A Hypothesis-Driven ModEx Approach for Mechanistic Understanding of Hyporheic Zone Biogeochemistry
Authors
Jianqiu Zheng* ([email protected]), Vanessa Garayburu-Caruso, Amy Goldman, James Stegen, Tim Scheibe
Institutions
Pacific Northwest National Laboratory, Richland, WA
URLs
Abstract
The hyporheic zone plays a dominant role in channel metabolism and biogeochemistry for river corridor systems. Hyporheic sediment respiration often exhibits high spatial variability within and across river basins, imposing a substantial challenge for building transferable process representations in predictive models of river corridor biogeochemical functions. This study used a hypothesis-driven approach that integrates theoretical knowledge generation, model development, and numerical experimentation to address this challenge. This approach allowed the research team to incorporate process information from new data and physical consistency with previously developed theories for more accurate and scalable biogeochemical predictions.

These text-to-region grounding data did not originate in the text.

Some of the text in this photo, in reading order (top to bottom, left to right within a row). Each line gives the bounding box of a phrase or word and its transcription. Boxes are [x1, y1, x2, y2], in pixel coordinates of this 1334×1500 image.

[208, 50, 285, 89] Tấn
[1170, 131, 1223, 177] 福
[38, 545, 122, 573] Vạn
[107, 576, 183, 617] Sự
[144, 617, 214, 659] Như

Building upon the team’s previous hypotheses regarding thermodynamic controls, returns on investment, and bioavailability that provide partial explanations for observed patterns in sediment respiration across continental scale, researchers further hypothesized that the biological and physical properties of hyporheic zone sediments modulate variations of sediment respiration rates. A numerical experiment showed low substrate accessibility significantly reduces the probability for a microbe to be surrounded by substrate, and thus decreases the effective organic matter concentration, leading to lower predictions of respiration rates. Similarly, increasing variations in microbial biomass among sites disproportionately generated wider distributions of predicted rates. Both numerical observations provided additional explanatory power for empirical distributions of rate measurements.

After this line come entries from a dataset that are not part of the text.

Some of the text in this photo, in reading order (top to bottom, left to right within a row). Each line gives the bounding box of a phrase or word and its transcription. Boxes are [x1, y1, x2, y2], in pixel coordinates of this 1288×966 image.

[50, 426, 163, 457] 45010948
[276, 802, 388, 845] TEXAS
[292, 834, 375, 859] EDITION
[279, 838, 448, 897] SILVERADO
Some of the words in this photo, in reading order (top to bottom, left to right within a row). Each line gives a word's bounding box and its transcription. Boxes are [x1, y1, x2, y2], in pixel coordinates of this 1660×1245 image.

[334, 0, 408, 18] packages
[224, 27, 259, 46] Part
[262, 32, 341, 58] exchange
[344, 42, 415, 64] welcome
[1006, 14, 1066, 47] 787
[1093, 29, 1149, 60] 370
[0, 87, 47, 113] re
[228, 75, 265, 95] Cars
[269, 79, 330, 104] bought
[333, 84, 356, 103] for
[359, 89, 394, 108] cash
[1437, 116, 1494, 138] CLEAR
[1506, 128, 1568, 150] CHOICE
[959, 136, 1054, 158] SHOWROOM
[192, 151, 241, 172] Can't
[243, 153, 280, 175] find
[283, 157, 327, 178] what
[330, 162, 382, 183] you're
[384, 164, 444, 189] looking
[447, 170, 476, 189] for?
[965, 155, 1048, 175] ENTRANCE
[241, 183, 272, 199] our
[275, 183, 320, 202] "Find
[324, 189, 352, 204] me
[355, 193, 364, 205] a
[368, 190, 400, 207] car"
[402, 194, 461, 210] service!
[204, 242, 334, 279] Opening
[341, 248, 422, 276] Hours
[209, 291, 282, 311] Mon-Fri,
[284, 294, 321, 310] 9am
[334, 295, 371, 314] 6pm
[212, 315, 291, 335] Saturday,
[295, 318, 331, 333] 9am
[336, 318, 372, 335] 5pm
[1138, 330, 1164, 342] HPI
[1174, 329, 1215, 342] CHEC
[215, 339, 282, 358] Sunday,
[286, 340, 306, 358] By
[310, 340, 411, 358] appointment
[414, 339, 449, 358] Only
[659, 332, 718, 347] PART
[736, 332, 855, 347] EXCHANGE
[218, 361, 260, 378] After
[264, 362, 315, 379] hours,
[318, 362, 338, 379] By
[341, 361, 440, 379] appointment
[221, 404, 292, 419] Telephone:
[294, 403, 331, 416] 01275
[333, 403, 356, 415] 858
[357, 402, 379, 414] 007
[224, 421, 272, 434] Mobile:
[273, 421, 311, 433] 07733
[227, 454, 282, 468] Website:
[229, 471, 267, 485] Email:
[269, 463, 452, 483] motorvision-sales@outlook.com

In addition, the modeling experiments provided new model-generated hypotheses that require specific data types to evaluate, such as microbial biomass and sediment grain size distribution that are readily available from the WHONDRS (Worldwide Hydro-biogeochemistry Observation Network for Dynamic River Systems) research consortium, thus furthering the hypotheses-driven ModEx cycle. This study illustrates the concept and application of hypothesis-driven ModEx in which each model-data hand off is based on and guided by specific hypotheses. This is distinct from traditional ModEx approaches that emphasize data assimilation.